The disagreement has reached alarming proportions. Measurements tied to the early universe land in the high 60s when expressed in kilometers per second per megaparsec, while late-universe measurements tend to land higher, in the low-to-mid 70s . The mismatch is now described as being in more than 5-sigma conflict, a level that keeps theorists awake at night .

Illinois Physics Professor Nicolás Yunes emphasized the significance of their independent approach: "This result is very significant—it's important to obtain an independent measurement of the Hubble constant to resolve the current Hubble tension" . The beauty of gravitational waves lies in their fundamental difference from electromagnetic observations, potentially revealing hidden biases in traditional methods.

The Science Behind the Cosmic Hum

The "stochastic siren" method exploits a fascinating relationship between the universe's expansion rate and the strength of gravitational-wave background noise.
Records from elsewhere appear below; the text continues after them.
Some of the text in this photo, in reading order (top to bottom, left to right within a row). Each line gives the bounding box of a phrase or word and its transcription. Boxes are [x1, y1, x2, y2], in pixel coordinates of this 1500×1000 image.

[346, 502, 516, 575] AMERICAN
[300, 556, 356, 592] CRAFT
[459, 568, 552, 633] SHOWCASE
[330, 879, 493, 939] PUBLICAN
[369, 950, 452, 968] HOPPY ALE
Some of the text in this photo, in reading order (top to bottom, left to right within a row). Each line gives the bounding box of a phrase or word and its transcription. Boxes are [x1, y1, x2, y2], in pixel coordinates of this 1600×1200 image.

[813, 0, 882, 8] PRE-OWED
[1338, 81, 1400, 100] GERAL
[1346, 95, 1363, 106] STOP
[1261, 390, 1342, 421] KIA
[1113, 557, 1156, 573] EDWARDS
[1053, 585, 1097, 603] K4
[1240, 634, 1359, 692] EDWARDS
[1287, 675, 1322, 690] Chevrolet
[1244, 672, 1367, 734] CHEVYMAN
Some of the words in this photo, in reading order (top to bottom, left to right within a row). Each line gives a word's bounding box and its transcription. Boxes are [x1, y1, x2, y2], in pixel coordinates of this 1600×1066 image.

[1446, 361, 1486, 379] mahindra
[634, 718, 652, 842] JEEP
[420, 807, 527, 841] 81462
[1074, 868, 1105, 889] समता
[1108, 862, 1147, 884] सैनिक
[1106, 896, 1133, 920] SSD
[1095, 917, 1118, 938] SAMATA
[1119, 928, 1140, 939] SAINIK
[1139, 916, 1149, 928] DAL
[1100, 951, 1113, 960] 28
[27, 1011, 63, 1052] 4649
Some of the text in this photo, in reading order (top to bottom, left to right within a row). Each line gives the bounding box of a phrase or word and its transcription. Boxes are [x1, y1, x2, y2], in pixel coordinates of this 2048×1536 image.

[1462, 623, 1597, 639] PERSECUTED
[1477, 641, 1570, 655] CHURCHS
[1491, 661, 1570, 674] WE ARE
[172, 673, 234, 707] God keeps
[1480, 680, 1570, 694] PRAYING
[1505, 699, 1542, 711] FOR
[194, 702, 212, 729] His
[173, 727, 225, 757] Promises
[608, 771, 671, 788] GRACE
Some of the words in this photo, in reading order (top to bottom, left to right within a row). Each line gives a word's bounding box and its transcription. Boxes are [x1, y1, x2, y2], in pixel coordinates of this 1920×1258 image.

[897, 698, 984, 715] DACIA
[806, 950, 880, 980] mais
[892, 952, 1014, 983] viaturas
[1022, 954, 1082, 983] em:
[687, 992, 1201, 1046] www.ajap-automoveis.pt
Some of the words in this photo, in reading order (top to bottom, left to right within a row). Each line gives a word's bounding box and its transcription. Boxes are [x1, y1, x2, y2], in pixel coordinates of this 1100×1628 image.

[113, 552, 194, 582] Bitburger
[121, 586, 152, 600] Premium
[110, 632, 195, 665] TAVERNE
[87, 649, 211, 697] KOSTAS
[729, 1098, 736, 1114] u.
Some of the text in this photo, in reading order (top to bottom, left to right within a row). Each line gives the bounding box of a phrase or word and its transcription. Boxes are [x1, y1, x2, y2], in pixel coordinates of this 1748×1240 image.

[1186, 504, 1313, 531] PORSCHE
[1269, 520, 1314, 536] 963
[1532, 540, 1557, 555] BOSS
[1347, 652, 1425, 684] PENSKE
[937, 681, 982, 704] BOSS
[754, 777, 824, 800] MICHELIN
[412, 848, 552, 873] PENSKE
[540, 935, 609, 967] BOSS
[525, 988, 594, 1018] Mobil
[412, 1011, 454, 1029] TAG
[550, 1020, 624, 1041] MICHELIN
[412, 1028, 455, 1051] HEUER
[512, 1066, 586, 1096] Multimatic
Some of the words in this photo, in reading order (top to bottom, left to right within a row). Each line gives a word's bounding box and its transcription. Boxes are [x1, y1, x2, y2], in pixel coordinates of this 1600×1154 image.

The strength of an astrophysical gravitational-wave background depends on how many mergers occurred over cosmic time and how they are spread across the available volume, which depends on the universe's expansion history .

The logic is elegantly simple: a smaller Hubble constant corresponds to larger comoving volumes at a given redshift, meaning more mergers contribute to the background and the energy density in gravitational waves goes up . Conversely, a lower value means a smaller observable universe with higher density of mergers and stronger background signal, while a higher Hubble constant means more volume, lower density, and weaker signal .

University of Chicago Professor Daniel Holz captured the excitement of the discovery: "By using the background gravitational-wave hum from merging black holes in distant galaxies, we can learn about the age and composition of the universe" . The team has already applied their method to existing data from the LIGO-Virgo-KAGRA collaboration, which has caught hundreds of gravitational wave events .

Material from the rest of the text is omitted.